§ About this task: Copy every entry exactly as it reads and exclude whatever pictures appear.

=== Supplied entries ===

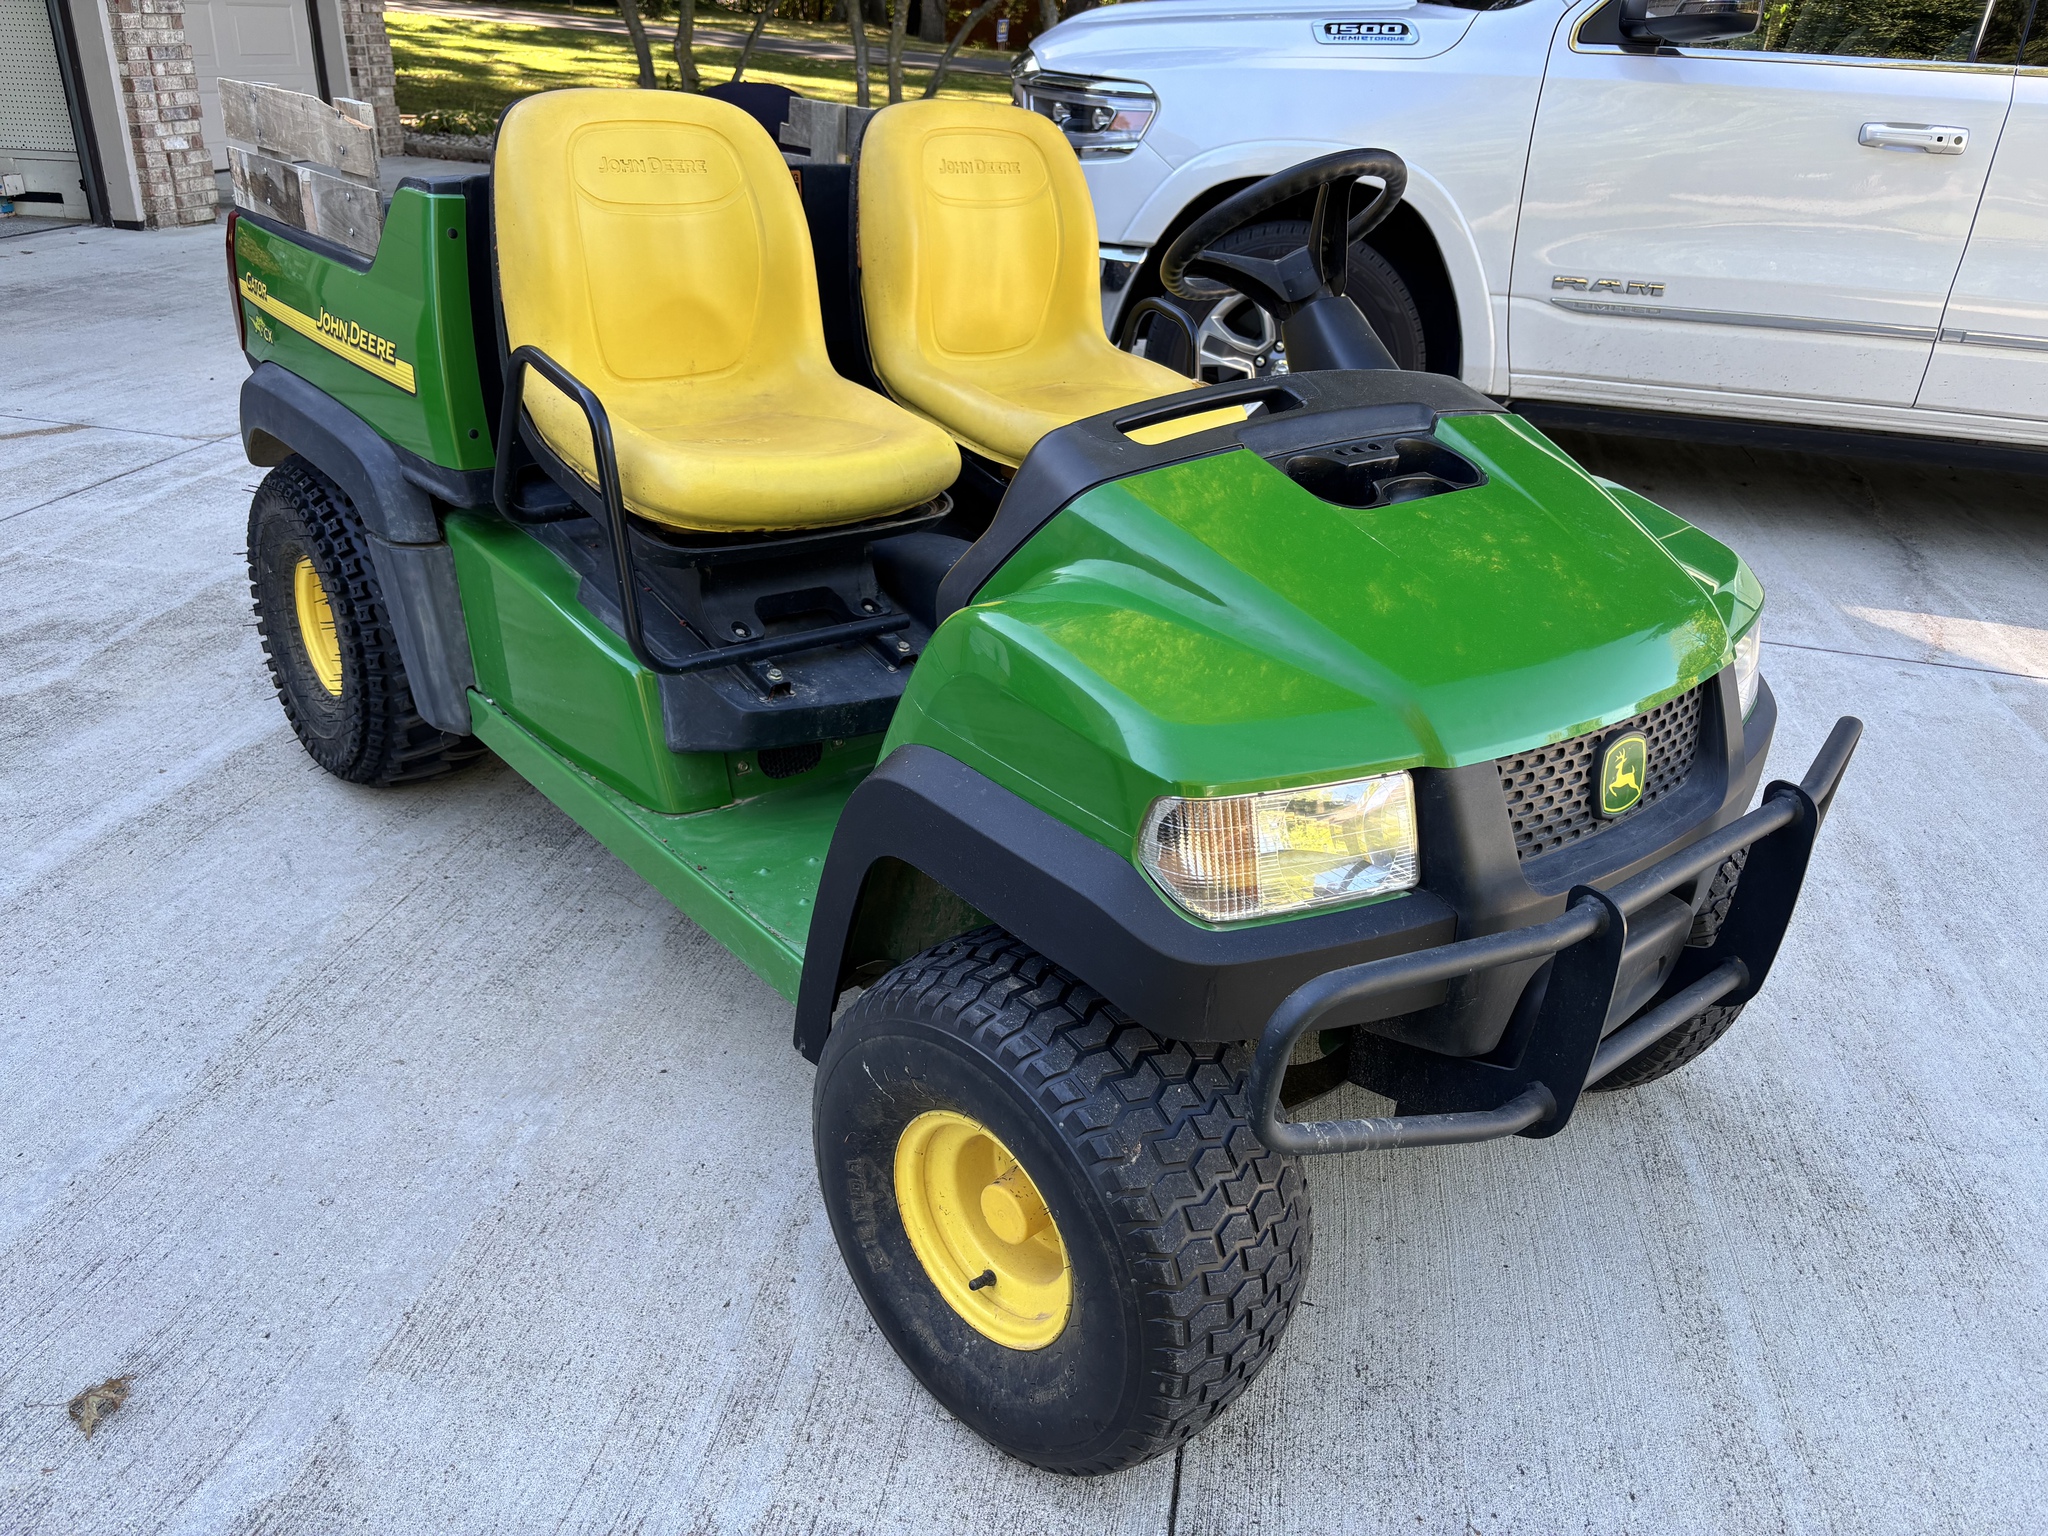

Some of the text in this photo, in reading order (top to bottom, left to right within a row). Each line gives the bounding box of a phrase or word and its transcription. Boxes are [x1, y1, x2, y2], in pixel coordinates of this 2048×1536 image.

[1329, 24, 1402, 34] 1500
[598, 156, 707, 174] JOHN DEERE
[939, 158, 1021, 175] JOHN DEERE
[245, 271, 268, 301] GATOR
[1551, 275, 1665, 297] RAM
[1573, 301, 1661, 315] LIMITED
[263, 326, 275, 345] CX
[316, 305, 397, 364] JOHN DEERE

===

§ Answer to the problem:
Some of the text in this photo, in reading order (top to bottom, left to right within a row). Each line gives the bounding box of a phrase or word and its transcription. Boxes are [x1, y1, x2, y2], in pixel coordinates of this 2048×1536 image.

[1329, 24, 1402, 34] 1500
[598, 156, 707, 174] JOHN DEERE
[939, 158, 1021, 175] JOHN DEERE
[245, 271, 268, 301] GATOR
[1551, 275, 1665, 297] RAM
[1573, 301, 1661, 315] LIMITED
[263, 326, 275, 345] CX
[316, 305, 397, 364] JOHN DEERE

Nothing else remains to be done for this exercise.